Three things go wrong with handlers: they don't fire, they fire but error, or they fire too often. The web UI shows which is happening and why.

Quick Diagnosis

Symptom Check What to look for
Handler never fires Handlers page (sidebar > Handlers) Missing from list, or zero invocations
Handler fires but errors App detail > Handlers tab Error count > 0, error details
Handler fires too often App detail > Handlers tab High invocation count, check predicate or debounce

Common Causes

Missing name= on subscription. Bus registration raises ListenerNameRequiredError at call time if name= is omitted. The handler never appears in the Handlers page. Add name="descriptive_name" to the bus.on_state_change() call. See handler registration for the full signature.

Wrong entity pattern. The handler is registered for "light.kitchen" but the entity is "light.kitchen_ceiling". The handler exists in the Handlers page but shows zero invocations. Check the listener's trigger column for the exact pattern that was registered, then correct it in the source.

changed_to type mismatch. Home Assistant state values are strings. changed_to=True never matches because the value on the wire is "on", not True. Use changed_to="on" and changed_to="off".

DI annotation mismatch. A handler annotated with the wrong state type raises DependencyResolutionError at invocation time. The error banner in the handler detail panel shows the exception class and message. Check the parameter annotation against the entity's domain and see dependency injection for the available types.

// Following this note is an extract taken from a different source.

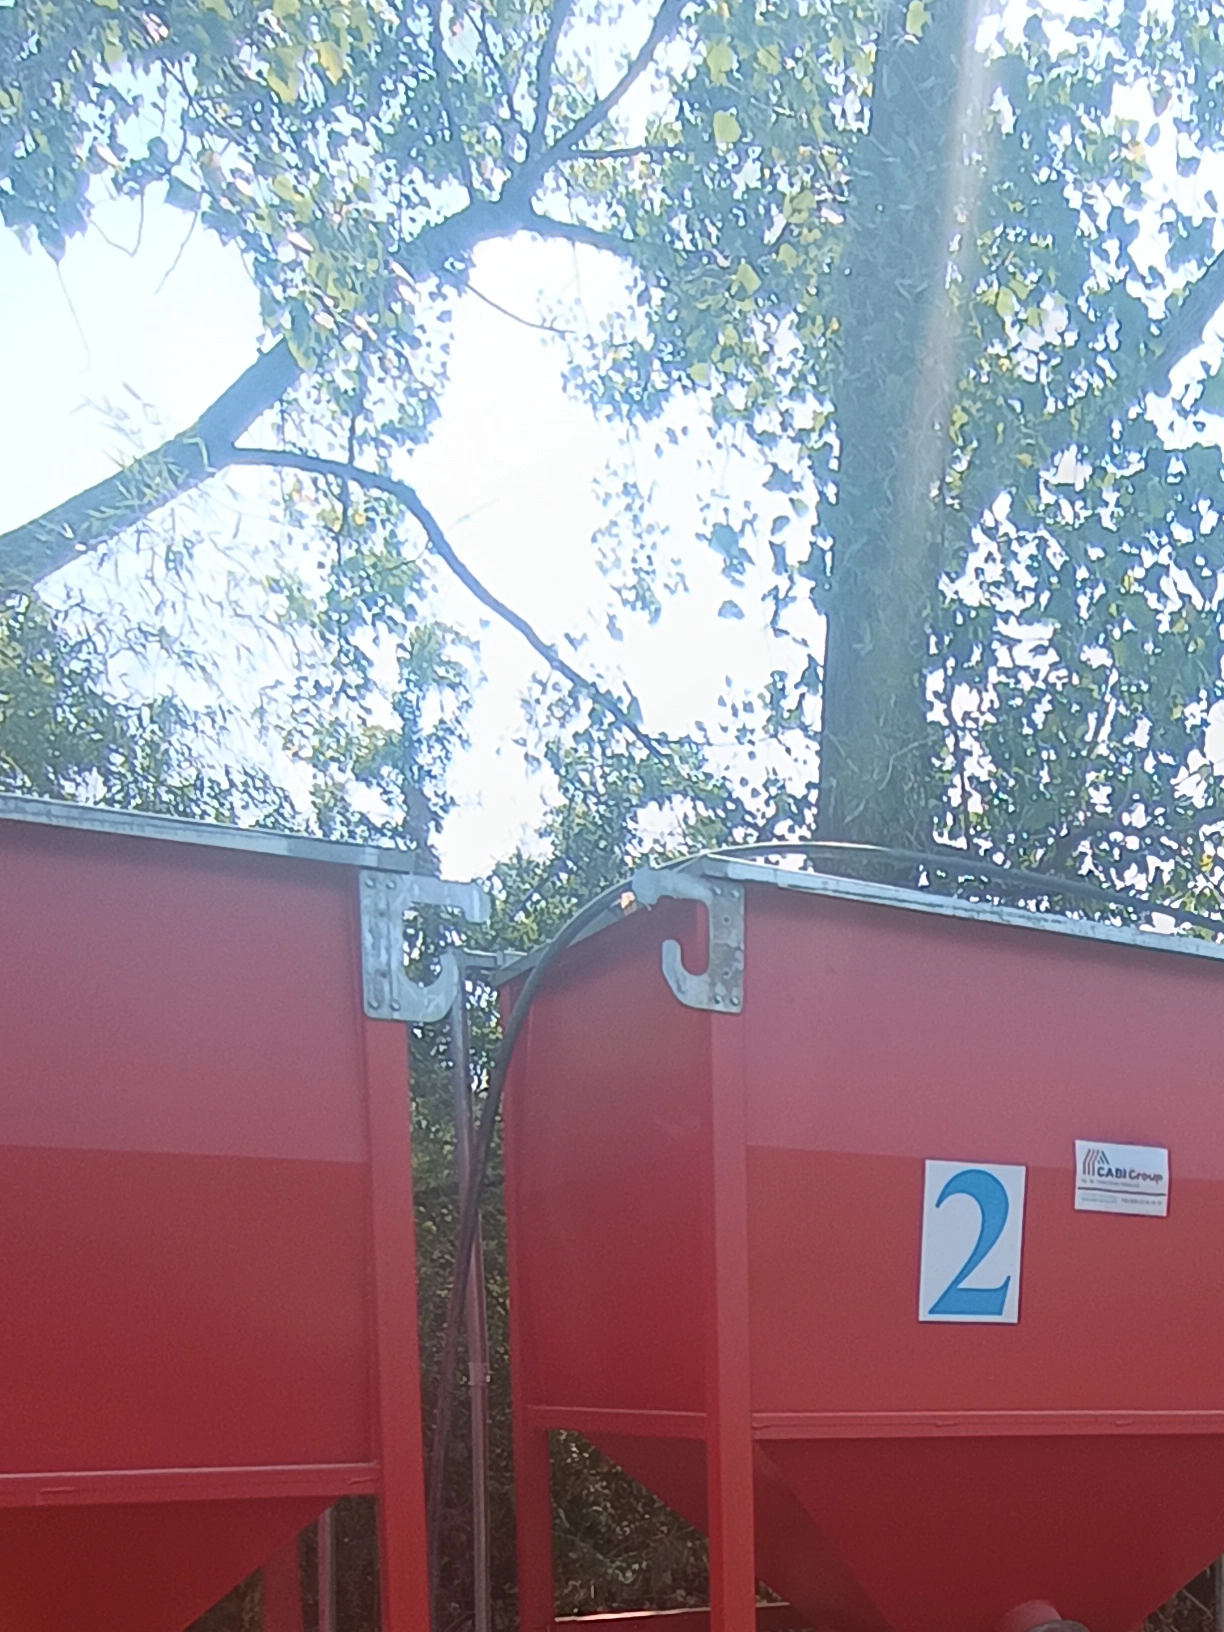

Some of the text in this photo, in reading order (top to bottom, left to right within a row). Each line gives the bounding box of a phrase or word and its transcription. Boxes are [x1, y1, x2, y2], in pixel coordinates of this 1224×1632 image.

[1097, 1166, 1127, 1179] CABI
[1128, 1169, 1163, 1185] Group
[928, 1168, 1011, 1316] 2

Domain excluded. If the entity's domain appears in bus_excluded_domains, Hassette drops all events for that domain before they reach any handler. The handler exists and registers cleanly, but invocations never arrive. Check bus_excluded_domains in your hassette.toml and remove the domain if the exclusion is unintentional.

Using the Handlers Page

Handlers page

Open Handlers in the sidebar. The page shows every registered event handler and scheduled job across all your apps in one table.

Find your handler by searching the name box or filtering by app with the App column dropdown. The table shows:

  • Runs: total invocations in the current time window. Zero means the handler has never fired, or the time window is too narrow.
  • Failed: count of invocations that raised an unhandled exception. Shown in red when non-zero.
  • Error rate: failed divided by runs, as a percentage.

Rows with any failure are highlighted in red. Click the handler name to go straight to the handler detail in the app's Handlers tab.

The time window for all counts comes from the preset selector in the status bar. If you see zero runs for a handler you expect to have fired, widen the window to Since restart. A narrow window hides older invocations.

Drilling into Handler History

Open the app from the sidebar, then select the Handlers tab. The left panel lists every handler and job for this app. The right panel shows detail for the selected item.

Handler detail panel

Select your handler. The detail panel shows:

  • Registration source: the exact bus.on_state_change() call Hassette recorded at startup, including the entity pattern and any options.
  • Modifier chips: any behavioral options in effect: debounce, throttle, once, priority, immediate, or duration. A handler with no modifiers shows no chip row.
  • Source location: the file path and line number where the handler is defined. Click view in code → to open the Code tab at that line.
  • Error banner: appears when the handler has at least one failure. Shows the exception class, the full message, and a show traceback toggle that expands the Python traceback inline. Handler error banner
  • Stats grid: calls, successful, failed, timed out, and min/avg/max duration for the current time window.
  • Invocations table: the 50 most recent invocations, each with a status indicator, timestamp, duration, and execution ID. The table updates in real time.

A gray status dot on a handler in the left panel means it has never been invoked. A red dot means at least one invocation has failed.

Tracing a Single Execution

Click an execution ID in the invocations table. Hassette opens the Logs page filtered to that execution with ?execution_id=<id> in the URL. Every log line the handler emitted during that run appears together, in order.

You can also construct the URL manually. Grab the execution ID from a CLI command or another log entry.